Investing in Agrofuels is Dirty Business
This weekend the Inter-American Development Bank (IDB) governors and directors are in Miami for their annual meeting. And where there is unaccountable and unsustainable finance, there is also a broad alliance of representatives from Indigenous groups, human rights, environmental, and developmental organizations from across Latin America, the US and Europe out protesting the bank's policies and practices.
The IDB's lending procedures exacerbate poverty, displace communities and destroy pristine environment throughout Latin America. Subsidies for mega-projects such as hydroelectric dams, roads, pipelines, mining, and other resource extraction and dirty energy infrastructure are helping multinational corporations carve up important ecosystems, such as the Amazon, as well as make it impossible for people to continue to depend on their land. In addition, these projects and the deforestation required to develop them contribute gravely to climate change.
Check out IDB Watch
, a civil society publication of analyses of the Bank’s policies.

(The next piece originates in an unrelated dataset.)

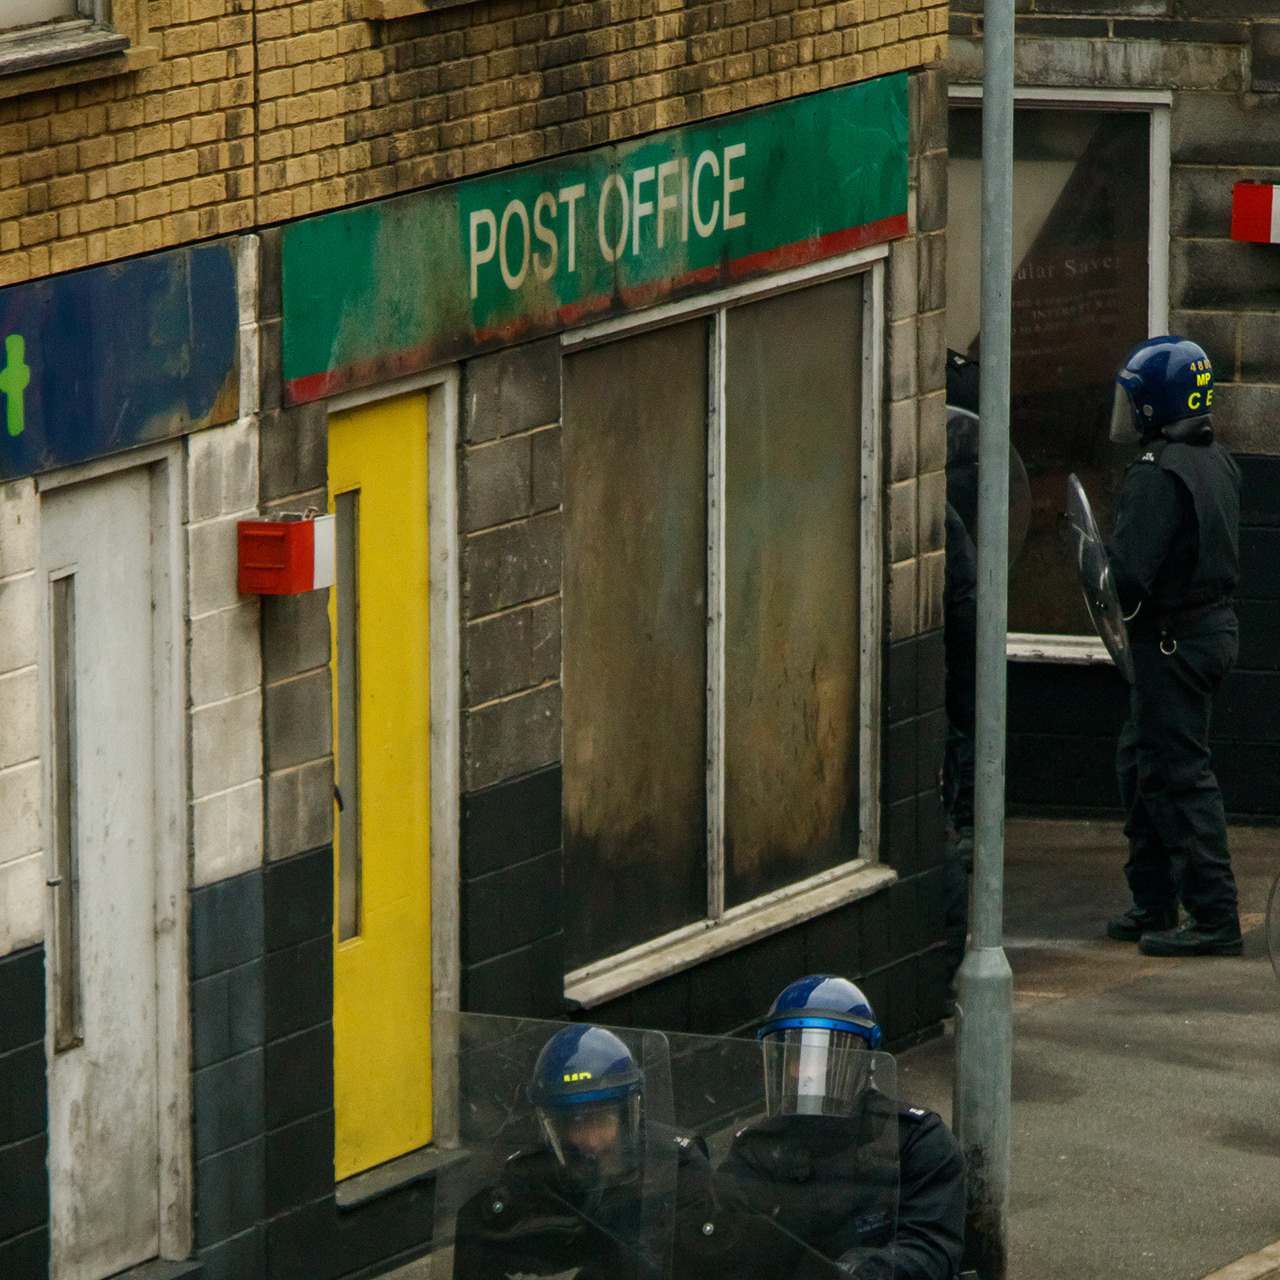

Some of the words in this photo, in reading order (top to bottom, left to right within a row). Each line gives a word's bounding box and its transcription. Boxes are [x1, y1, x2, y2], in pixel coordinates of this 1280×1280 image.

[470, 183, 586, 300] POST
[598, 142, 746, 263] OFFICE
[1012, 262, 1056, 281] ular
[1196, 372, 1211, 387] MP

RAN organized a rally outside Saturday's bank meeting
to call attention to these issues and demand that the bank be more accountable to the people it purports to serve, as well as to highlight one of its recent unveilings: investment in agrofuels.
The bank recently approved a total of $45 million in loans and technical cooperation funds to agrofuel projects and is now considering another $3 billion in private sector loan projects. Easily the largest investments are supporting export-oriented infrastructure and ethanol facilities, which provide relatively few jobs and do little to support development that reach those who need it most, while the expanding industrial scale mono-cropping threatens ecosystems and biodiversity.
Meanwhile, the IDB's Sustainable Energy and Climate Change Initiative (SECCI) fund, which originally had $20 million to invest in assistance for renewable energy, energy efficiency, adaptation to climate change and development of carbon markets, has been used mainly to promote the expansion of ethanol production for export. Increasingly, studies are questioning the contribution of agrofuels
to abating carbon emissions, given that crop-based agrofuels often increase emissions significantly as a result of deforestation and the destruction of other natural ecosystems that act as carbon sinks.
RAN and allies were in front of the Miami Beach Convention Center Saturday with a balloon banner that drew attention to the bank's investments in agrofuels. Individuals from the varied Latin American civil society groups and U.S.-based NGOs spoke at the rally, accompanied by a guitarist and his repertoire of Latin American protest songs.
As one of the largest sources of funding for Latin American development, the IDB has a responsibility to invest consciously, sustainably and with transparency. It's hard to say if the bank internalized our message yesterday, but we did reach somebody...the guy who leased us a sound system for the rally handed me a donation to give to RAN!